Sensing his discomfort, Rebecca told John matter-of-factly, “Were you not afraid to come into my father’s country and caused fear in him and all his people (but me) and fear you here I should call you ‘father’? I tell you then I will, and you shall call me child, and so I will be for ever and ever your countryman.”
The conversation ended when Rebecca told John that many of the Native Americans in Virginia didn’t believe he was still alive. But her father knew better. He was convinced John was still alive, and that they should try to find him, “because your countrymen will lie much.”
It was the end to what had to have been an awkward conversation—the kind of tension you can cut with a knife.
A few weeks after this encounter, in March of 1617, Rebecca had come down with a sickness when the Rolfe family boarded a ship bound for their home in Jamestown. Sadly, things took a tragic turn before they even left London. As the boat was traveling down the Thames, Rebecca’s sickness got really bad. Historians don’t know the specifics of what sickness it was—some claim dysentery while others say it was probably pneumonia.

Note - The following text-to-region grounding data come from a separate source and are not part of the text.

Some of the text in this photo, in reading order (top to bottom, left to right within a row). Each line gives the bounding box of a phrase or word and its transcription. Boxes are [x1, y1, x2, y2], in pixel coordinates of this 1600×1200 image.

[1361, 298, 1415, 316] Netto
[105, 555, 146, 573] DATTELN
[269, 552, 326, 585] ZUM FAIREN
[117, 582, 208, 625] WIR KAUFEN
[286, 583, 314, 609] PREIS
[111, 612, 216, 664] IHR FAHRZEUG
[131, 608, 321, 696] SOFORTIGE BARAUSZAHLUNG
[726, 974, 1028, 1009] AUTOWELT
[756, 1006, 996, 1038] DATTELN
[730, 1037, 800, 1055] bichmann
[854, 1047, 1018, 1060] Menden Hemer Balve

What we do know is the boat was hardly started on its journey when it made an emergency stop in Gravesend, a town in northwest Kent, England. There, Rebecca died in her husband’s arms. On March 21, 1617, the 21-year-old Rebecca Rolfe was laid to rest at St. George’s Church in Gravesend.
Over 17 years later, John Smith wrote what made its way into the story we know of Pocahontas today. It was in a book called General Historie of Virginia that he wrote in 1624, recounting many of the events that took place while he was in the New World. Here’s an excerpt from the book:
“Two great stones were brought before Powhatan: then as many as could layd hands on him [Smith], dragged him to them, and thereon laid his head, and being ready with their clubs, to beate out his braines, Pocahontas the Kings dearest daughter, when no intreaty could prevaile, got his head in her armes, and laid her owne vpon his to saue him from death.”

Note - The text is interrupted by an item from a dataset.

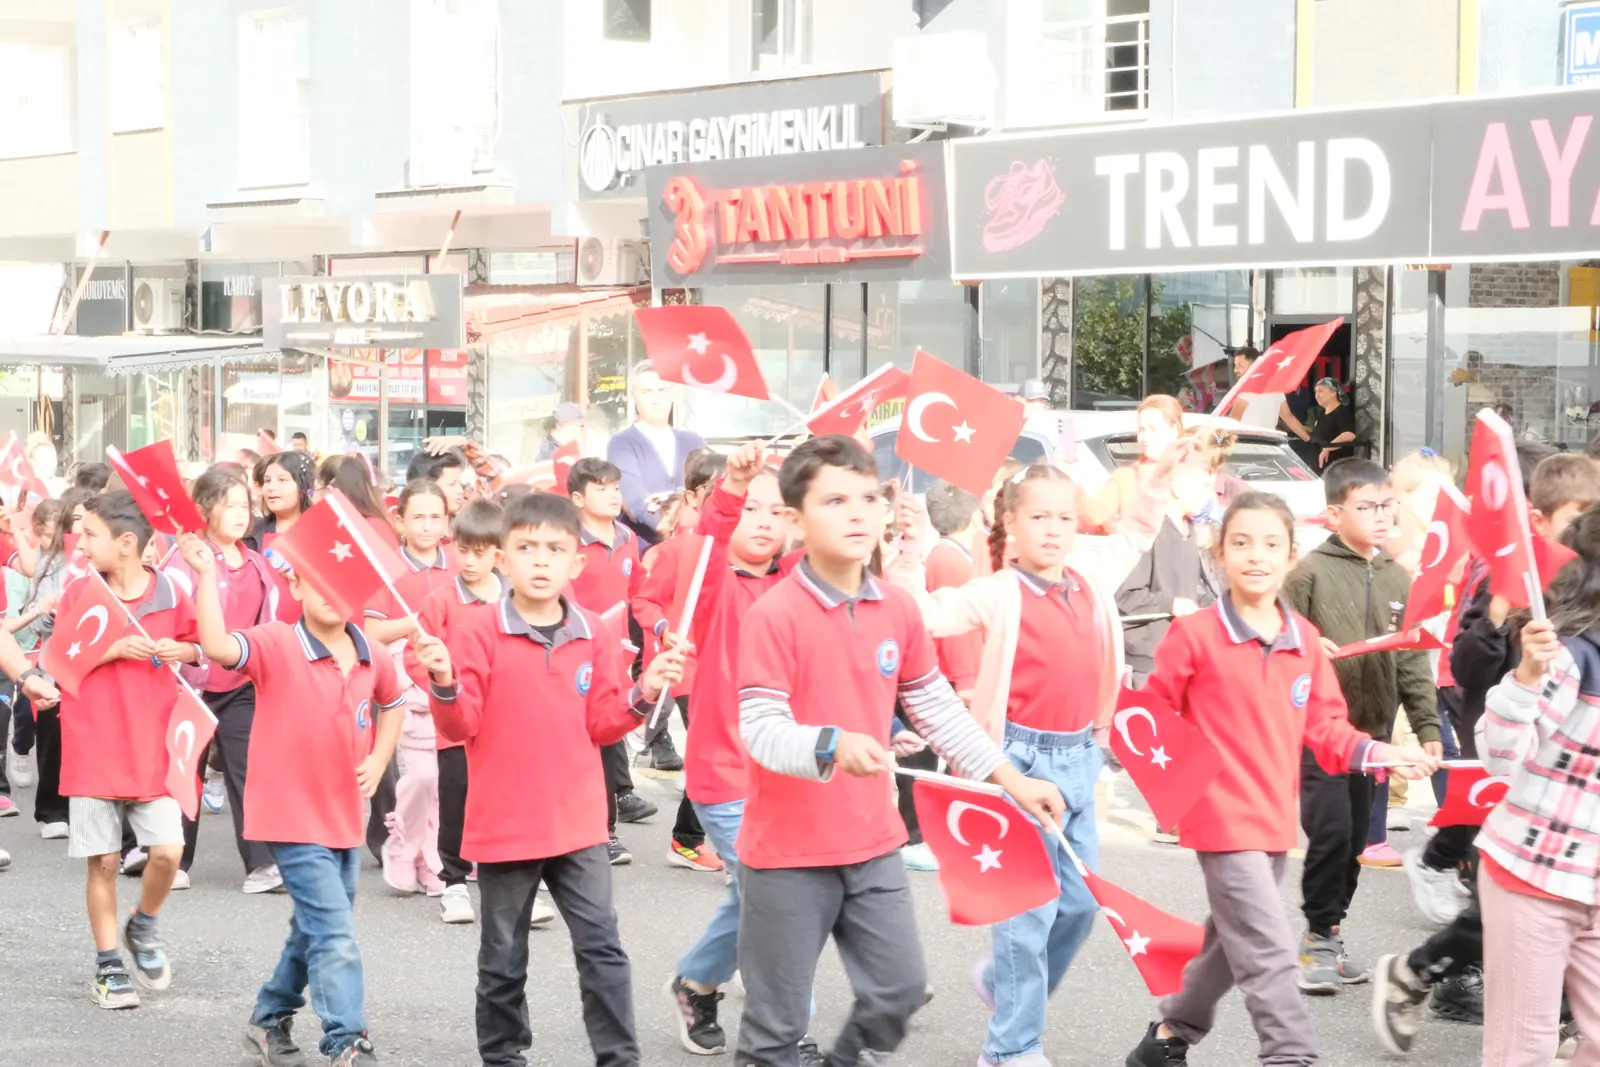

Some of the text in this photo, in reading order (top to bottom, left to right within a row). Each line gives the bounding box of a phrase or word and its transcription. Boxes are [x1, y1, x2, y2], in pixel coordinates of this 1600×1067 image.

Today, many historians debate the accuracy of this account as well. Many claim John’s account was exaggerated—why else would this be the first time we hear about this, 17 years after Matoaka’s death? Other historians, such as Professor J.A. Leo Lemay from the University of Delaware, suggest this actually did happen. According to many historians who subscribe to Professor Lemay’s theory, the reason for John Smith’s tale showing up 17 years after her death was merely because there was a growing popularity around Matoaka’s life at the time. John was doing what he did best—capitalizing on a good story to help gain popularity.
And the story only grew over the centuries.

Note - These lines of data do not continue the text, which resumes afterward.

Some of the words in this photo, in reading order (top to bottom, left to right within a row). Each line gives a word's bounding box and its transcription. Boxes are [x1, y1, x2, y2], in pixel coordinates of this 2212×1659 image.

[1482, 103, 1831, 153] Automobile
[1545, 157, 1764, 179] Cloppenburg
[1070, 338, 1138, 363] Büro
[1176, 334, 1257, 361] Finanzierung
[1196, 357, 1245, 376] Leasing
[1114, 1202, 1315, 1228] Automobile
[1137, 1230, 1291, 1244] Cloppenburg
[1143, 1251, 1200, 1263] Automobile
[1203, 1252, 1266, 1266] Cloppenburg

The first story to include a love interest between Matoaka and John Smith was John Davis’s 1803 book called Travels in the United States of America. But it certainly wasn’t the last, as we learned with Disney’s Pocahontas.
While most of Disney’s tale may not be true, one thing we know was true: Matoaka may have not had the life she imagined when she was wrongfully imprisoned and ultimately sent to a country she’d never known, but she was an amazingly powerful woman. Her story is inspiring to us all.
And her children have carried on her legacy. Among her long line of descendants are such inspirational women as President Woodrow Wilson’s wife, the First Lady of the United States Edith Wilson, and another First Lady, Nancy Reagan.